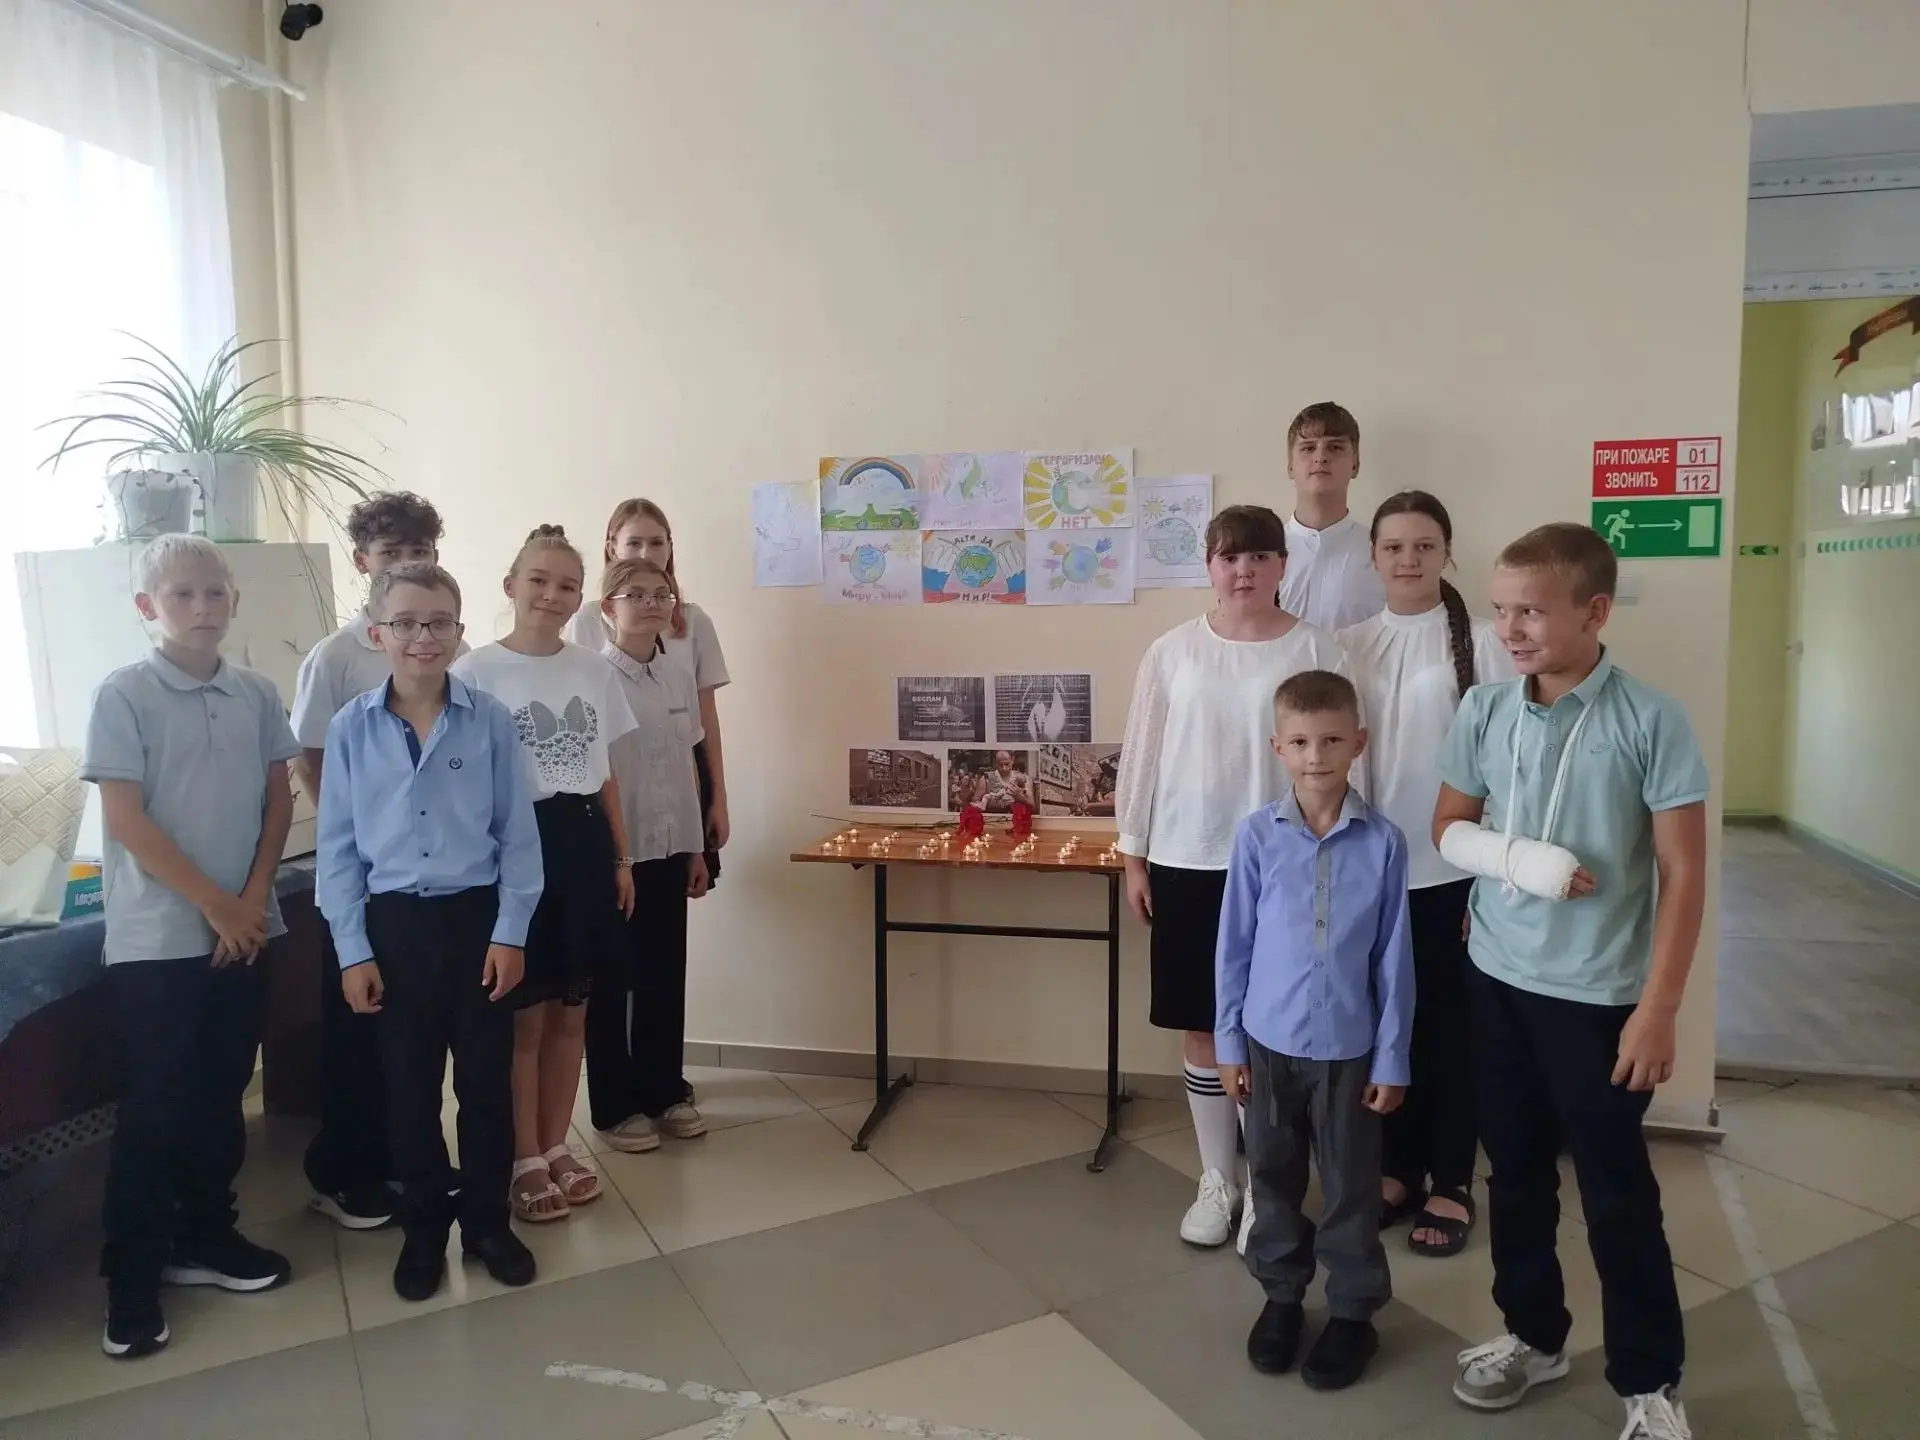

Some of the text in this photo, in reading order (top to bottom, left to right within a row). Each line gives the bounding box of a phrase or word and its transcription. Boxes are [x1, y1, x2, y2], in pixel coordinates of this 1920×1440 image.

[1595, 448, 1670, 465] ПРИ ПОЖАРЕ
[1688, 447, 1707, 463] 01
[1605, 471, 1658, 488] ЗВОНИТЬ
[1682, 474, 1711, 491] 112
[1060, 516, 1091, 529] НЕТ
--
EXERCISE DIRECTIONS:
Set down the material word for word, and drop every picture from it.

YOUR RESPONSE:
Some of the text in this photo, in reading order (top to bottom, left to right within a row). Each line gives the bounding box of a phrase or word and its transcription. Boxes are [x1, y1, x2, y2], in pixel coordinates of this 1920×1440 image.

[1595, 448, 1670, 465] ПРИ ПОЖАРЕ
[1688, 447, 1707, 463] 01
[1605, 471, 1658, 488] ЗВОНИТЬ
[1682, 474, 1711, 491] 112
[1060, 516, 1091, 529] НЕТ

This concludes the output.